* What you will do
Only the pictures are to be omitted; every entry beneath should otherwise be duplicated exactly.

***** Records provided

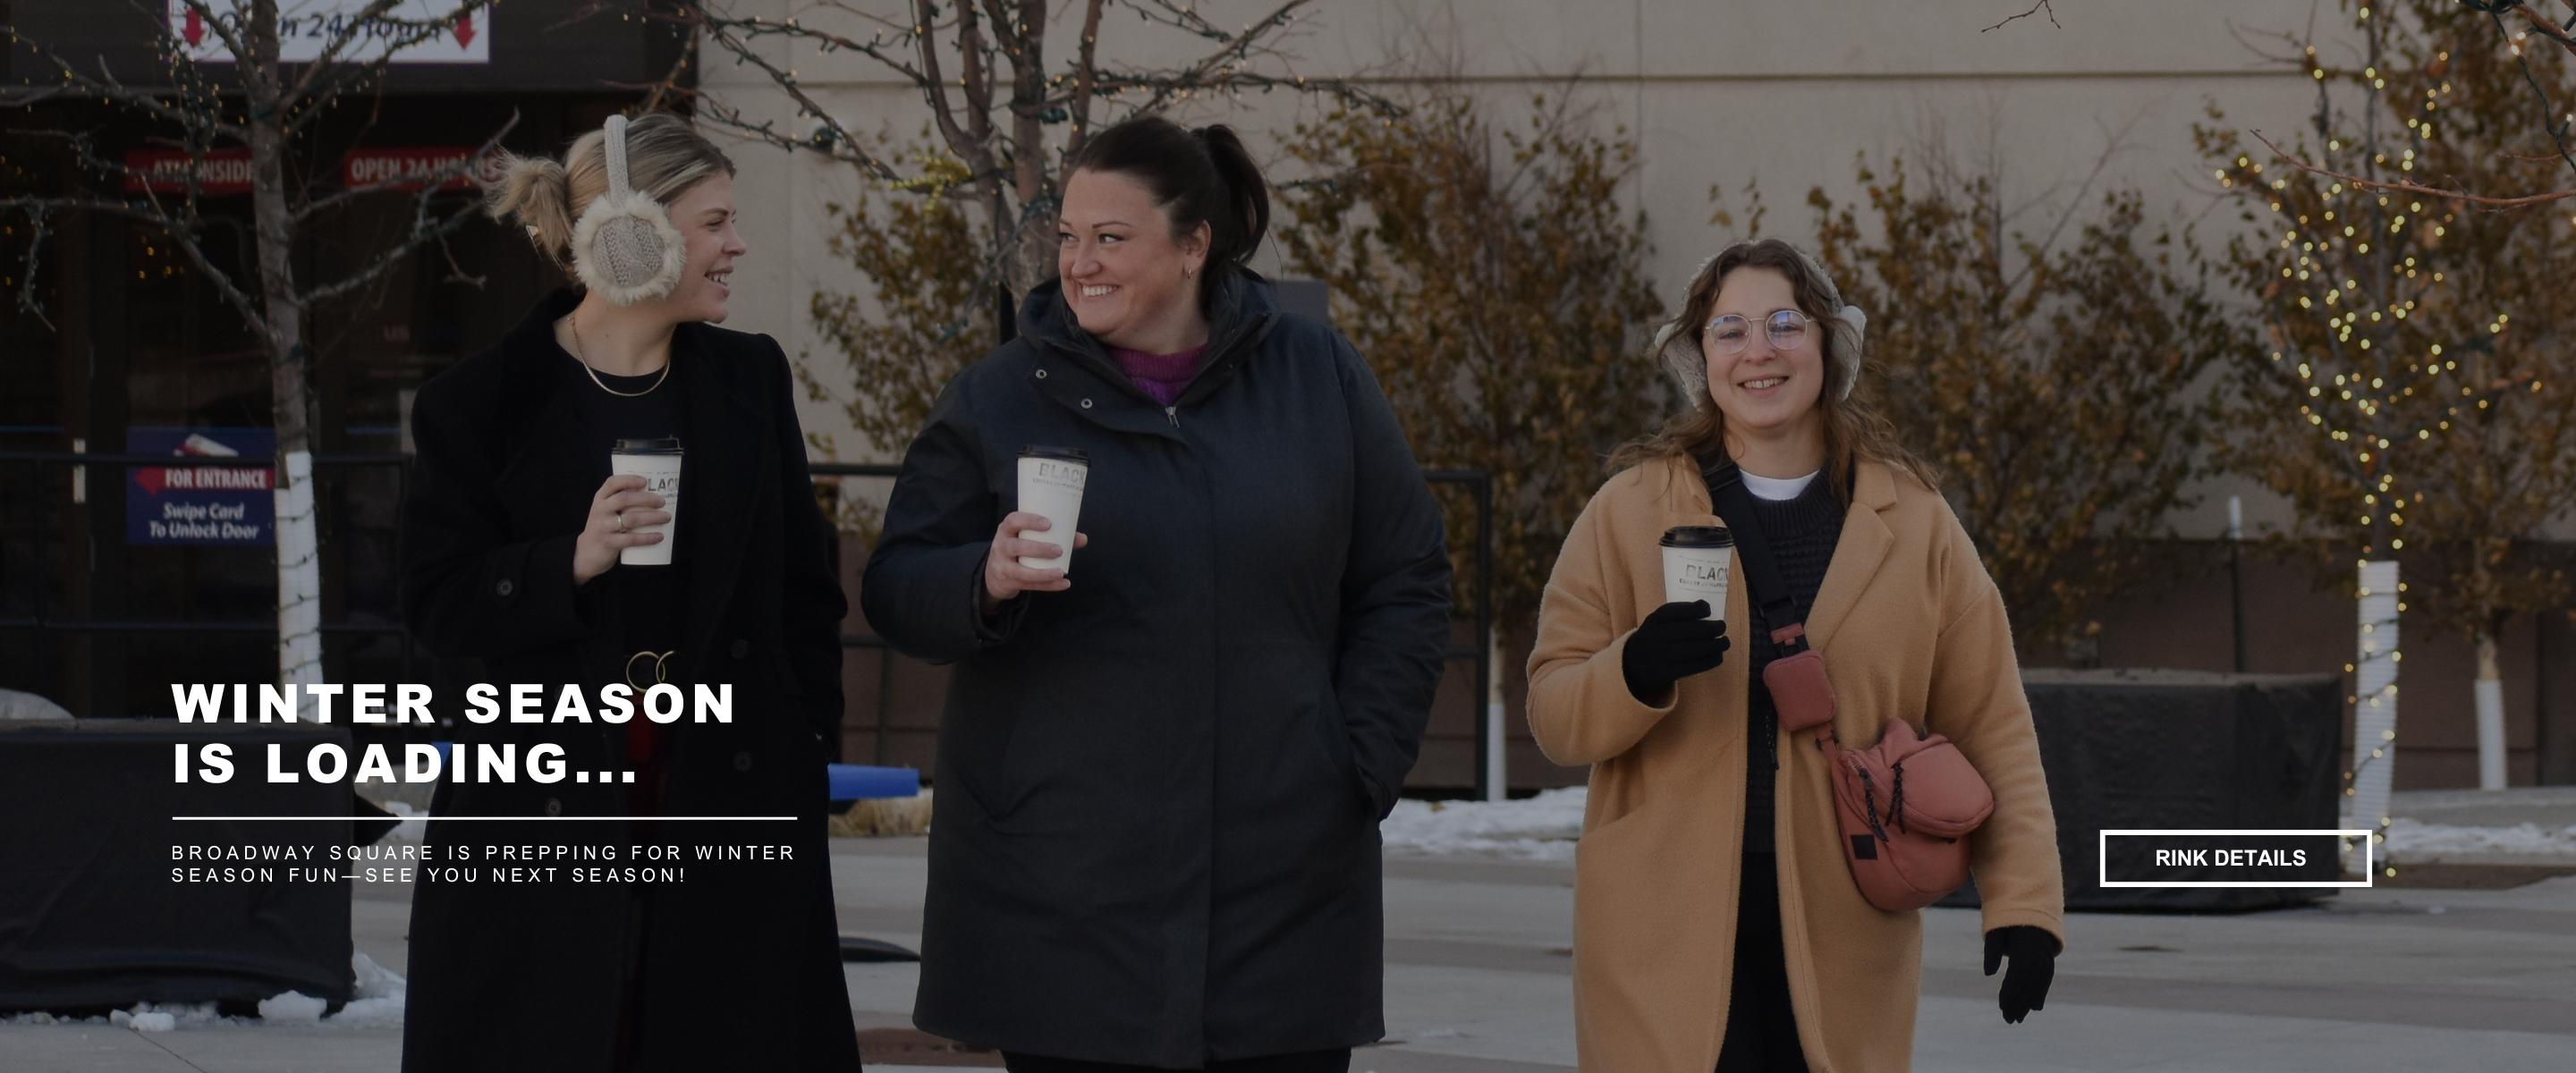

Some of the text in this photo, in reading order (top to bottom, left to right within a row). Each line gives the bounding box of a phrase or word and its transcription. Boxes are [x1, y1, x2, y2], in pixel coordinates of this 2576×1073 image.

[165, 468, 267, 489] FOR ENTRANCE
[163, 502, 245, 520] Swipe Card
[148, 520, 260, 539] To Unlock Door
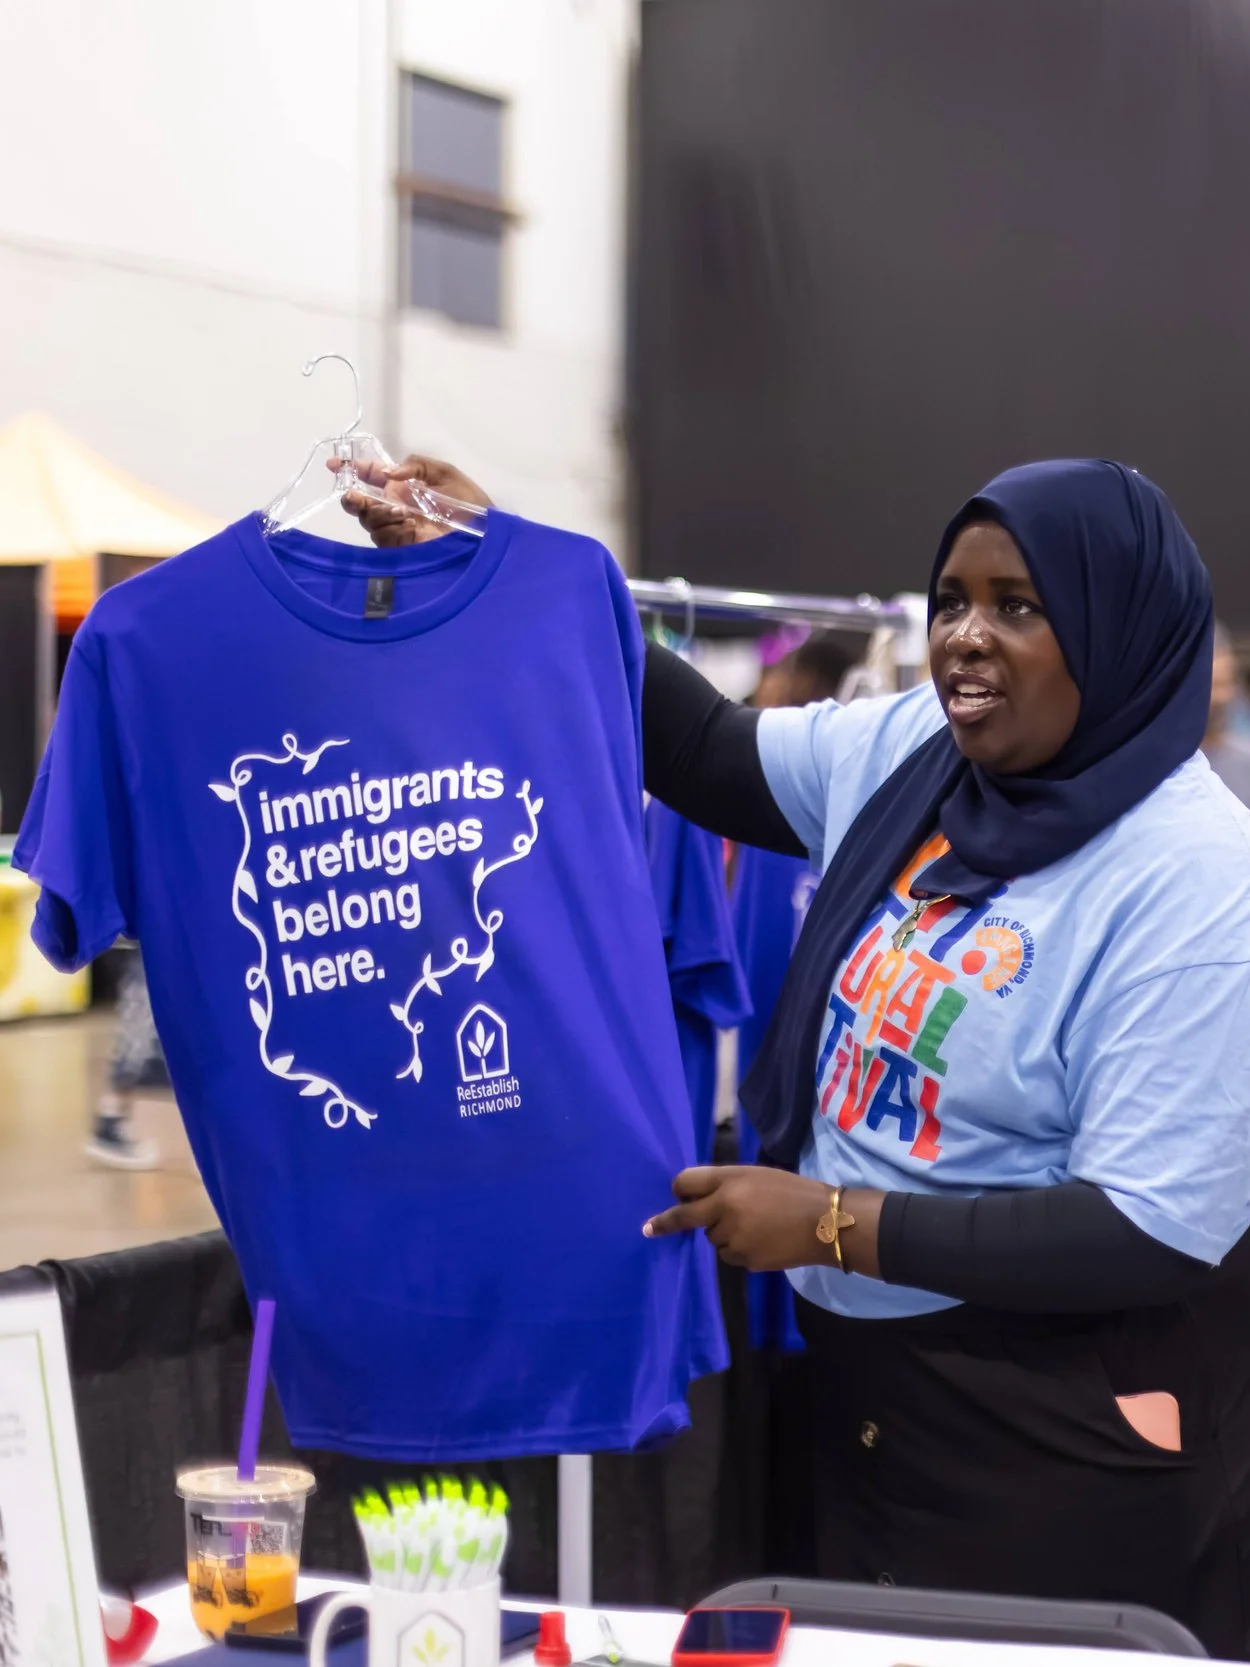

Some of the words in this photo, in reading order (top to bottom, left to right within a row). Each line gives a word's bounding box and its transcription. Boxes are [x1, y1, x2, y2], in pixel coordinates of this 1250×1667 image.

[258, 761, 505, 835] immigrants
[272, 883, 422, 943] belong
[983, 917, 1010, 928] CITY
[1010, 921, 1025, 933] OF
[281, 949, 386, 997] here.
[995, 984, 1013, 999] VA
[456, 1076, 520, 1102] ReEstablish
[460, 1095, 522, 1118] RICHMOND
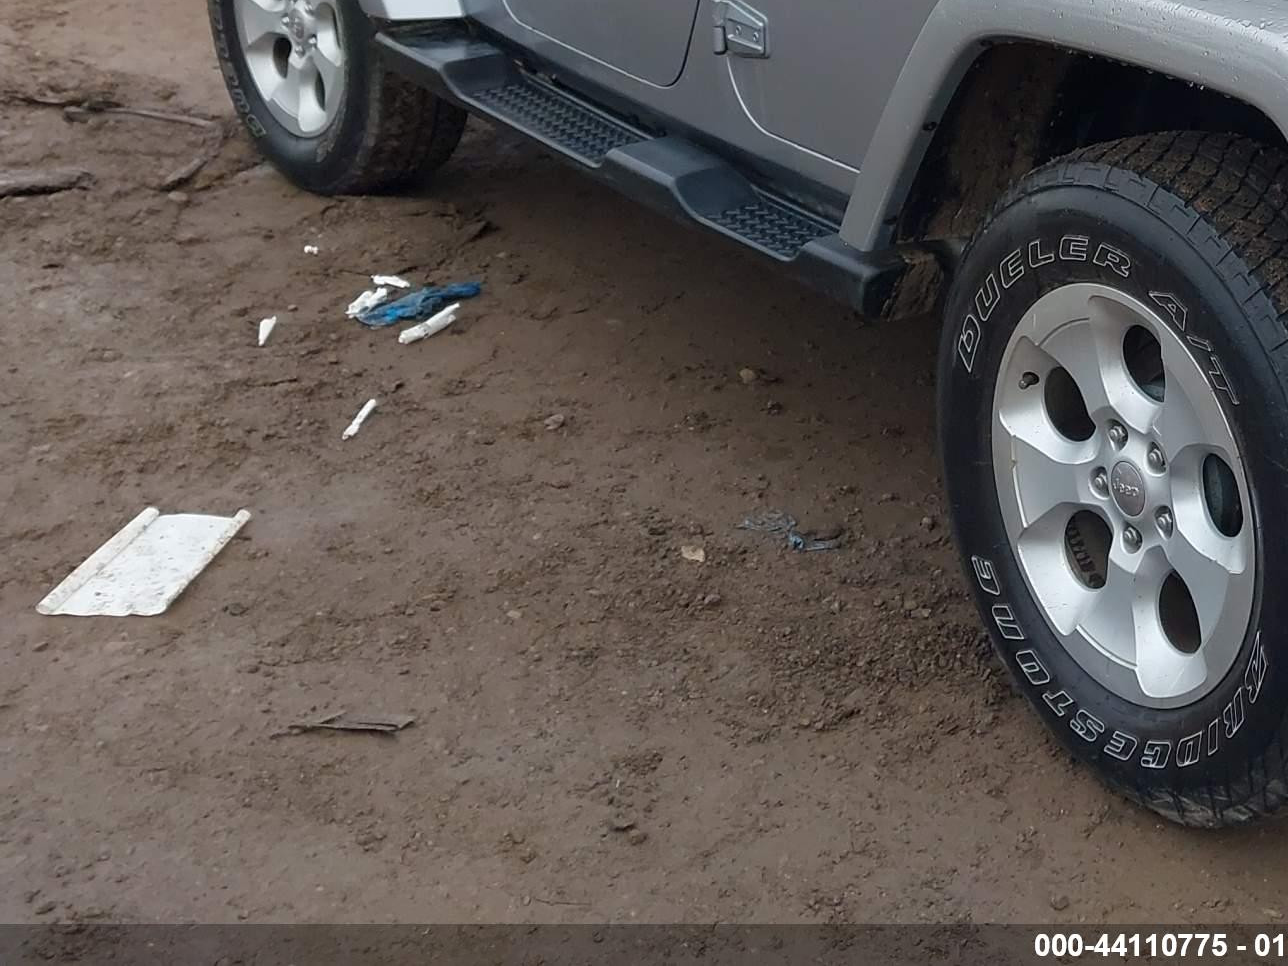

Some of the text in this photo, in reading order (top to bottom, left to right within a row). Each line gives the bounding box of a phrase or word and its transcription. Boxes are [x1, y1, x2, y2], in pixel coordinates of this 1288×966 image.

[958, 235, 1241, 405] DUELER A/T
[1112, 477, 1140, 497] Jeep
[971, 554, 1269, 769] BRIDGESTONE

**********

* Exercise output
Some of the text in this photo, in reading order (top to bottom, left to right within a row). Each line gives the bounding box of a phrase or word and its transcription. Boxes are [x1, y1, x2, y2], in pixel coordinates of this 2576×1073 image.

[165, 468, 267, 489] FOR ENTRANCE
[163, 502, 245, 520] Swipe Card
[148, 520, 260, 539] To Unlock Door

Some of the words in this photo, in reading order (top to bottom, left to right within a row). Each line gives a word's bounding box and its transcription. Boxes are [x1, y1, x2, y2], in pixel coordinates of this 1250×1667 image.

[258, 761, 505, 835] immigrants
[272, 883, 422, 943] belong
[983, 917, 1010, 928] CITY
[1010, 921, 1025, 933] OF
[281, 949, 386, 997] here.
[995, 984, 1013, 999] VA
[456, 1076, 520, 1102] ReEstablish
[460, 1095, 522, 1118] RICHMOND

Some of the text in this photo, in reading order (top to bottom, left to right within a row). Each line gives the bounding box of a phrase or word and its transcription. Boxes are [x1, y1, x2, y2], in pixel coordinates of this 1288×966 image.

[958, 235, 1241, 405] DUELER A/T
[1112, 477, 1140, 497] Jeep
[971, 554, 1269, 769] BRIDGESTONE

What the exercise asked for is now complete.